What is premiumization? This is the increasing consumer desire for premium alcohol products. This trend has driven alcohol manufacturers to adopt strategies aimed at bolstering their premium portfolio. AB InBev is strongly committed to capitalizing on the premiumization trend, which has emerged as a significant growth opportunity for the company within the beer industry.
Diverse Beyond Beer Initiatives
AB InBev is steadfast in expanding its beyond beer portfolio, encompassing products such as ready-to-drink beverages like Canned Wine and Canned Cocktails, Hard Seltzers, Cider, and Flavored Malt Beverages. The beyond beer trend has gained traction due to the rising demand for low-alcohol or non-alcoholic drinks.
The company remains focused on broadening its beyond beer portfolio, which has also contributed to the top line.
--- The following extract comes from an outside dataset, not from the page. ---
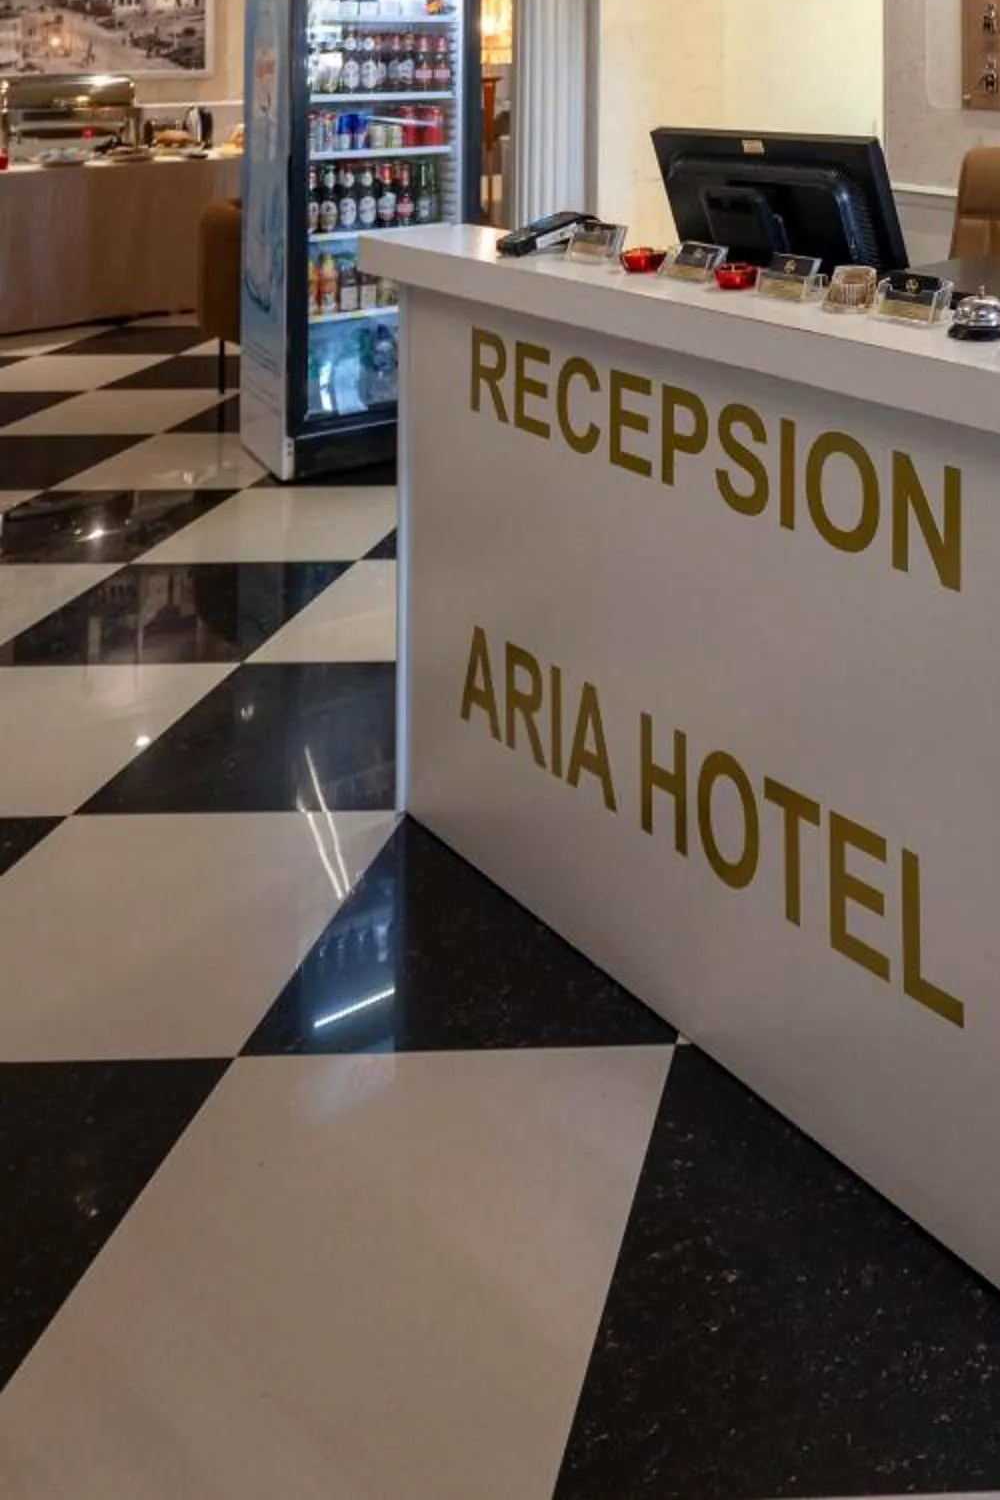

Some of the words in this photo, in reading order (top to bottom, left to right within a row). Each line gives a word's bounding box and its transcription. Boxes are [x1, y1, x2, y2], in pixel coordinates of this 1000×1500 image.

[469, 325, 962, 592] RECEPSION
[460, 625, 617, 813] ARIA
[639, 711, 965, 1028] HOTEL
Notably, the beyond beer portfolio contributed over $385 million to total revenues in the third quarter of 2023. In the same quarter, the global beyond beer business’s revenues experienced mid-single-digit growth globally, propelled by expansions of Flying Fish in Africa and the Vicky portfolio in Mexico. This growth was somewhat offset by a slowdown in the malt-based seltzer industry in the United States.
Embracing Digital Transformation
AB InBev has been diligently investing in new capabilities for several years to enhance its connections with customers and consumers. Its digital platform has witnessed rapid growth, leveraging technology such as B2B sales and other e-commerce platforms including BEES and Zé Delivery. Over the past few months, there has been significant growth in B2B platforms, e-commerce, and digital marketing trends, which has contributed to the company’s overall growth.
Challenges Along the Way
AB InBev continues to grapple with elevated costs resulting from commodity cost inflation and investments to support long-term growth, leading to pressure on EBITDA margin.
Selected Stock Picks
We have highlighted some well-ranked stocks from the broader Consumer Staples sector, namely Dutch Bros BROS, Fomento Economico Mexicano FMX, and Molson Coors TAP, all exhibiting promising potential within the industry.
Dutch Bros currently boasts a Zacks Rank #1 (Strong Buy), with a trailing four-quarter earnings surprise of 57.1%, on average. The Zacks Consensus Estimate for Dutch Bros’ current financial year sales and earnings implies growth of 30.6% and 81.3%, respectively, from the previous year’s levels.
Similarly, Fomento Economico Mexicano, alias FEMSA, currently flaunts a Zacks Rank #1, with a trailing four-quarter earnings surprise of 23.2%, on average. The Zacks Consensus Estimate for FEMSA’s current financial year sales and earnings suggests a rise of 32.3% and 60.3%, respectively, from the year-ago figures.
Molson Coors currently carries a Zacks Rank #2 (Buy), with a trailing four-quarter earnings surprise of 41.3%, on average. The Zacks Consensus Estimate for Molson Coors’ current financial year’s sales and earnings implies improvement of 9.1% and 28.8%, respectively, from the previous year’s reported numbers.